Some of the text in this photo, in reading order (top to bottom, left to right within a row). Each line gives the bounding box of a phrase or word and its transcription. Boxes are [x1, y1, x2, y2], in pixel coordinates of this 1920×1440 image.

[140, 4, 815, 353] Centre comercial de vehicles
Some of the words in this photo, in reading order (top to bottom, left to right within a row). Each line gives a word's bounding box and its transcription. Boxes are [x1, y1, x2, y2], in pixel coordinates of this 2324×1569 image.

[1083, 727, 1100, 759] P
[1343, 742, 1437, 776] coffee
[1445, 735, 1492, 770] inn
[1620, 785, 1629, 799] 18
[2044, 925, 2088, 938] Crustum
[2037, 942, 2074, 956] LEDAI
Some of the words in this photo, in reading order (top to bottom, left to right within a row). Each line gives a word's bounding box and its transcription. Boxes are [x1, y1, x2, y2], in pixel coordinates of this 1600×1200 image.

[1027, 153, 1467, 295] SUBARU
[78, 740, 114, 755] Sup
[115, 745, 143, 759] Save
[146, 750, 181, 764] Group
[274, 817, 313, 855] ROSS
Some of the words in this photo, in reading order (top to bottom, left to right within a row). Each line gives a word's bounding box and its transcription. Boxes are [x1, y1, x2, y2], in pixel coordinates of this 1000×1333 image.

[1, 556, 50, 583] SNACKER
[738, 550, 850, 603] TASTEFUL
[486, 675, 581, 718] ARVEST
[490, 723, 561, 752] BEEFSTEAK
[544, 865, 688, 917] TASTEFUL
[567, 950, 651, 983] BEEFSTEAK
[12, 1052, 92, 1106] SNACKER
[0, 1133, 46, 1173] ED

********************

- Exercise aim -
Once the line containing "this 1600×1200 image." is found, output it and each line after it through the end of the listing above, exactly, with nothing else.

- Response to the exercise -
Some of the words in this photo, in reading order (top to bottom, left to right within a row). Each line gives a word's bounding box and its transcription. Boxes are [x1, y1, x2, y2], in pixel coordinates of this 1600×1200 image.

[1027, 153, 1467, 295] SUBARU
[78, 740, 114, 755] Sup
[115, 745, 143, 759] Save
[146, 750, 181, 764] Group
[274, 817, 313, 855] ROSS
Some of the words in this photo, in reading order (top to bottom, left to right within a row). Each line gives a word's bounding box and its transcription. Boxes are [x1, y1, x2, y2], in pixel coordinates of this 1000×1333 image.

[1, 556, 50, 583] SNACKER
[738, 550, 850, 603] TASTEFUL
[486, 675, 581, 718] ARVEST
[490, 723, 561, 752] BEEFSTEAK
[544, 865, 688, 917] TASTEFUL
[567, 950, 651, 983] BEEFSTEAK
[12, 1052, 92, 1106] SNACKER
[0, 1133, 46, 1173] ED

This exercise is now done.